The next wave of analog recording eventually spread from audio to video; magnetic recording tape was lightweight, fairly easy to handle, and could be engineered to capture amazingly accurate sound, or alternatively create astounding new sounds almost impossible in the real world — the Beatles’ and Beach Boys’ megahits of the late ’60s would have been otherwise impossible. Videotape became the bedrock of news and sports events, because it required no time to process, and could be replayed on the same machine on which it was made. The chemistry of this analog tape stock, as with the nitrate movie film, wasn’t fully understood even when it was in commercial use; some major manufacturers in the 1970s changed the formula of the tape oxide layer, and sold millions of reels that 20 years later became a sticky mess that separated from its plastic backing, even while just sitting on the shelf.

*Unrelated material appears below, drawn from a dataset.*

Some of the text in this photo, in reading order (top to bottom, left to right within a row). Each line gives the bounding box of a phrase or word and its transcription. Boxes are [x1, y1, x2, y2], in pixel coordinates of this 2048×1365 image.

Then the roof caved in when the world went digital: billion-dollar movies whose climactic scenes never existed except on computer monitors, millions of corporate financial records wholly contained on shiny discs in an air-conditioned basements guarded by nerds, hundreds of billions of mail communications sitting in a proverbial cloud. The personal computer made this hugely chaotic by adding rapidly changing storage formats to the individual mix. You can see why, for perhaps 30 years now, the watchword in archival circles has been to send the archives the original data, but include a copy on good old acid-free paper.

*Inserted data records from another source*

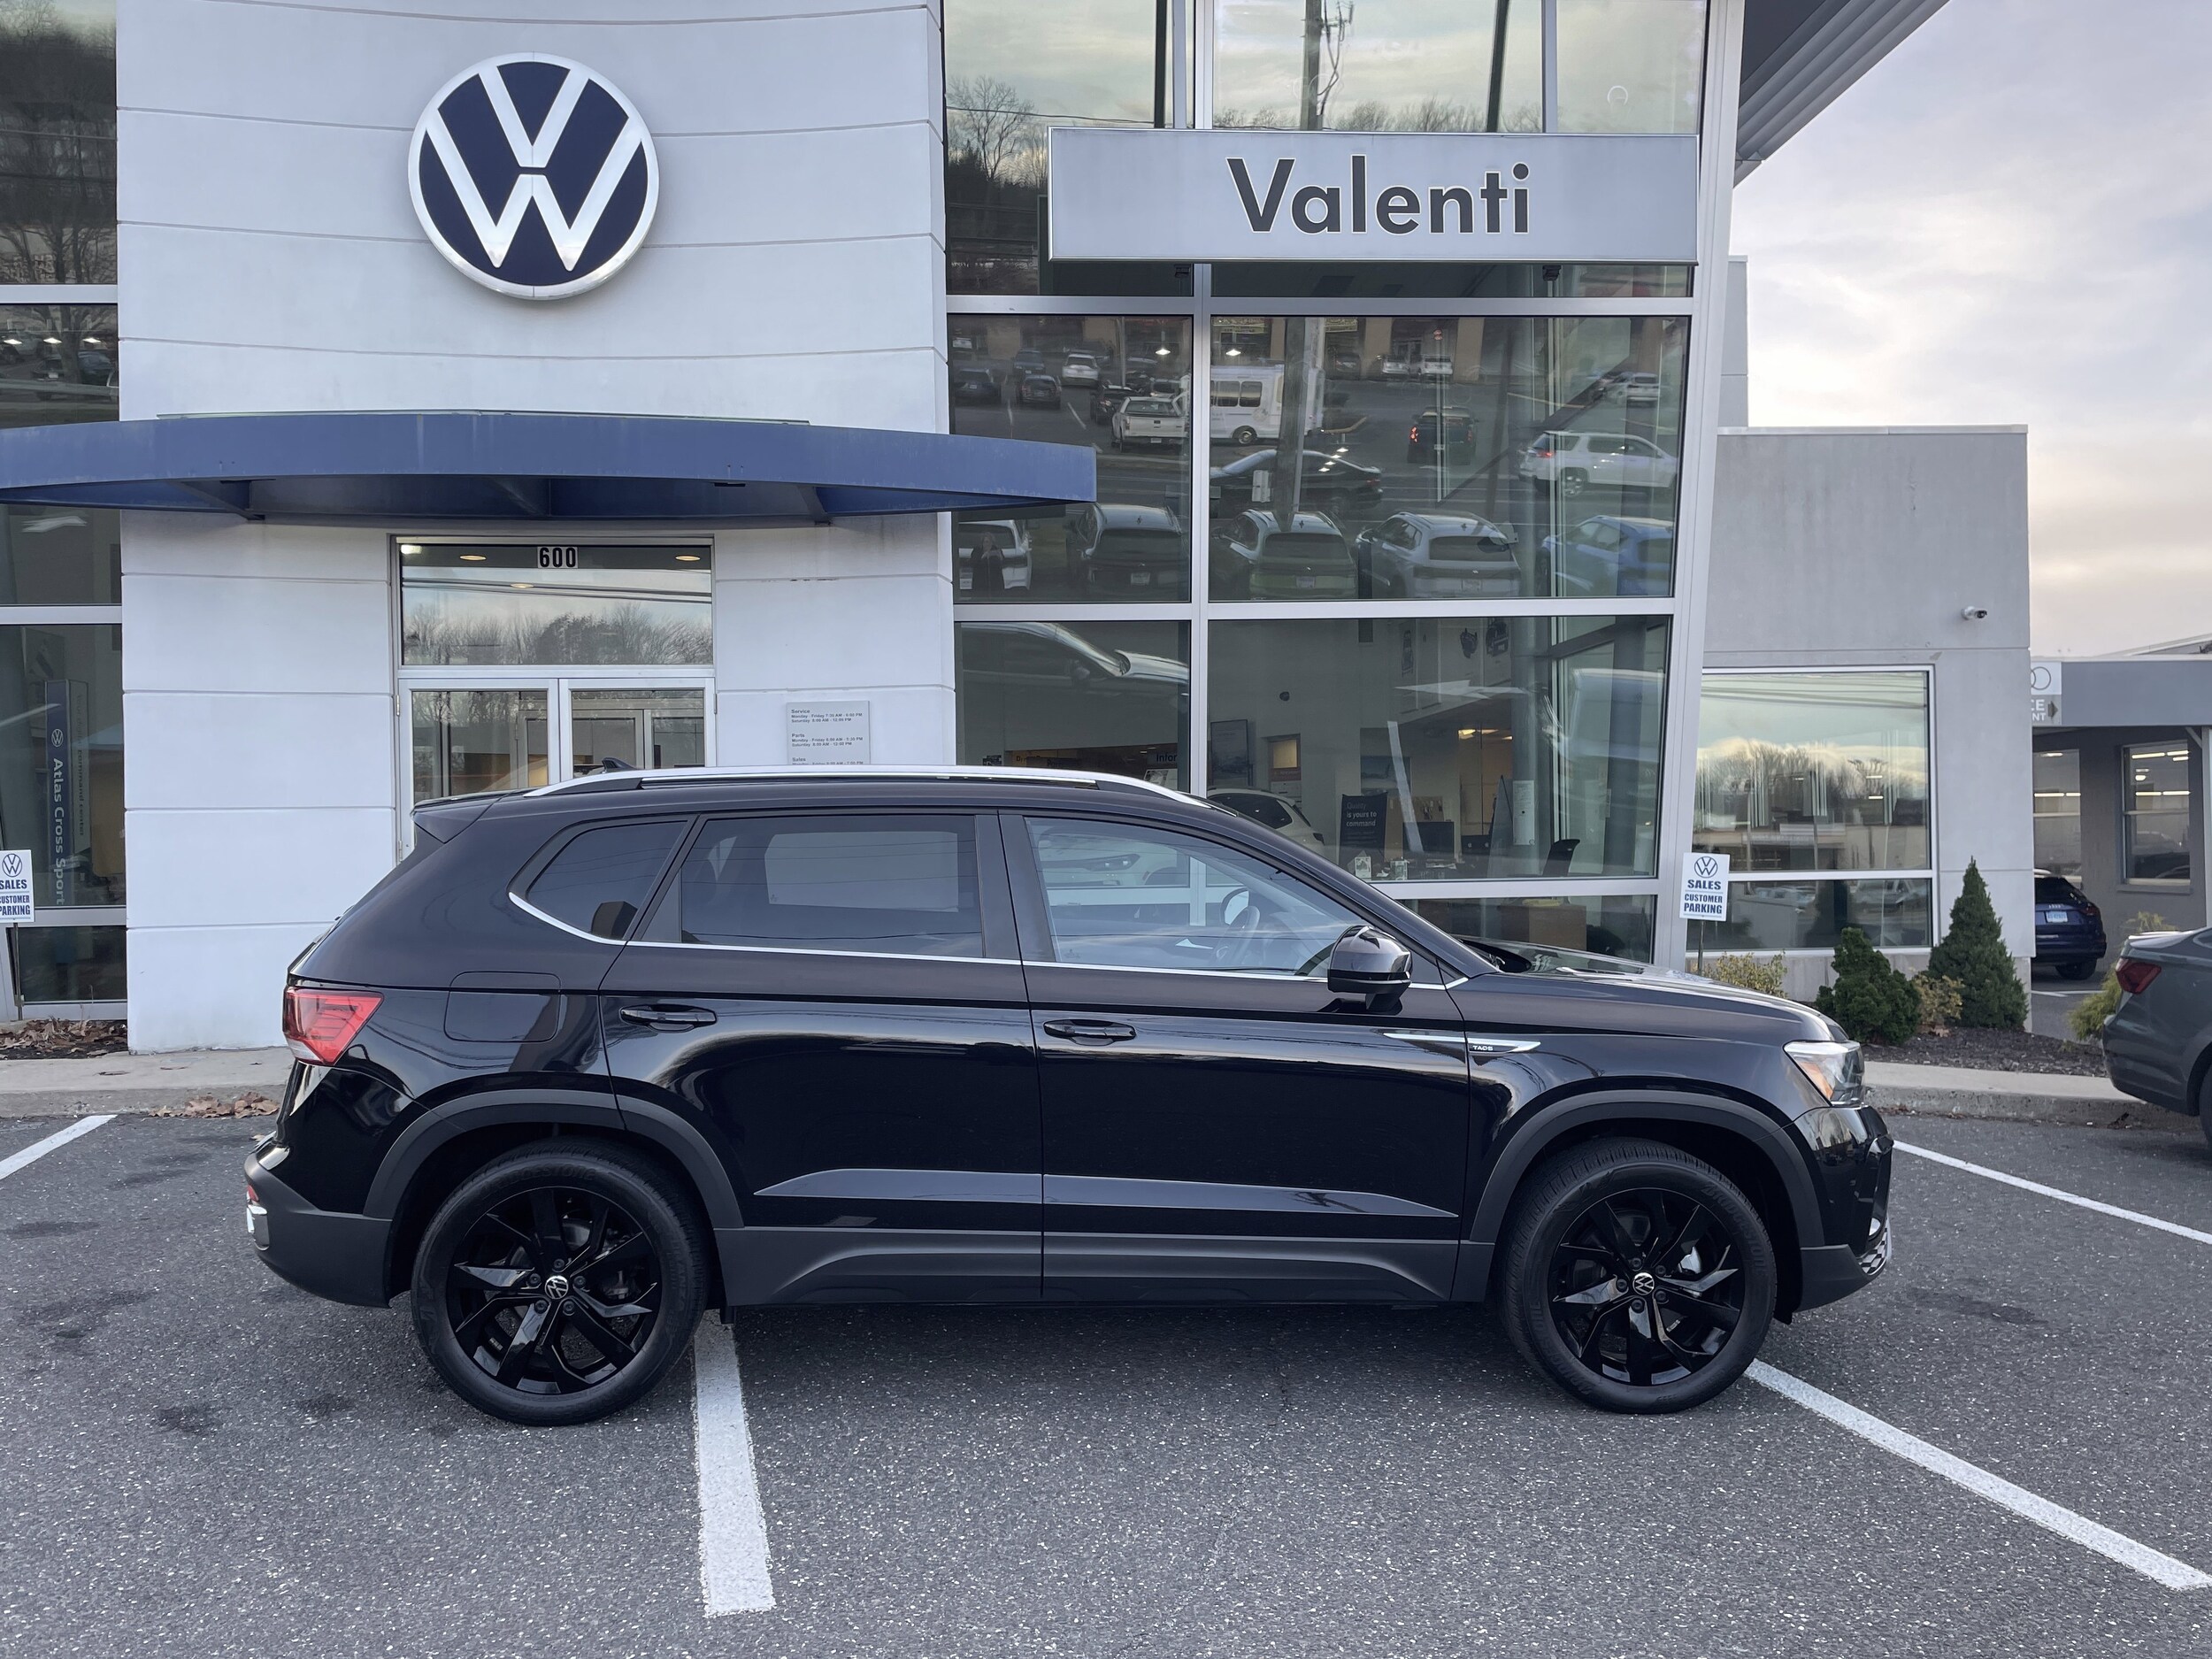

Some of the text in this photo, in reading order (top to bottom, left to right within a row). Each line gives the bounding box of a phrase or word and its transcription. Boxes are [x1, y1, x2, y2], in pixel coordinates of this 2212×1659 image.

[409, 52, 659, 298] VW
[1225, 154, 1531, 235] Valenti
[540, 547, 576, 568] 600
[53, 758, 66, 905] Atlas Cross Sport
[0, 879, 27, 890] SALES
[1687, 879, 1722, 890] SALES
[0, 895, 30, 903] USTOMER
[1684, 893, 1723, 903] CUSTOMER
[1683, 902, 1723, 914] PARKING

For example, when Toni Morrison wrote many of her great books, she used various personal computers and kept paper versions of much of her work. Then her house in New York State burned in 1993, damaging many of the paper records beyond hope, but leaving various digital records intact. Cut to 2014, when Morrison’s papers came to Princeton, where her teaching and wisdom were revered. Those of you of a certain delicate age will identify immediately with the punchline: Crucial records, such as revised and annotated versions of Beloved from 1987, existed solely on 5.25-inch floppy disks.
The digital archiving challenge, described on the Mudd blog, was delicately solved, including an intriguing workaround that avoided corrupting metadata on the disks themselves. And future historians will have insights to a great writer that otherwise would be up in smoke.

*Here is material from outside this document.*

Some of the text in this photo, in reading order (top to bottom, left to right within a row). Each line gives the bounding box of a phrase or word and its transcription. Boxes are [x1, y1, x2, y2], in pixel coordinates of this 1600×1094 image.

The complexity of the forensic tools required to be an effective modern archivist is frightening: The huge scope of the Library of Congress’ efforts from celluloid to the cloud, and the powerful consortium — including Princeton — built around BitCurator, the open-source digital forensic system sitting on a Ubuntu platform (trust me here …) that was crucial to handling the Morrison disks and the Valerie Smith emails, are just two examples of the types of efforts that will be needed in the future to keep the unimaginable explosion of human data in some type of order. Various estimates are that human knowledge is doubling every one or two years now: Can it be tracked? Who should do it (perhaps not the NSA or the Chinese army)?
Meanwhile, tempting targets abound: A nice selection of WPRB’s tapes are now transferred and indexed, but what of the stacks remaining? Dean Smith’s emails have been cleverly archived, but what of the thousands of alumni TigerNet threads that sit on servers someplace in the Princeton cloud? How about turning PAW’s paper archives into the same type of digital research heaven as the Princetonian’s magnificent Larry DuPraz Archive? And, most important, what about your 433 class mini-reunion photos on Flickr?
As we say in the news biz, film at 11.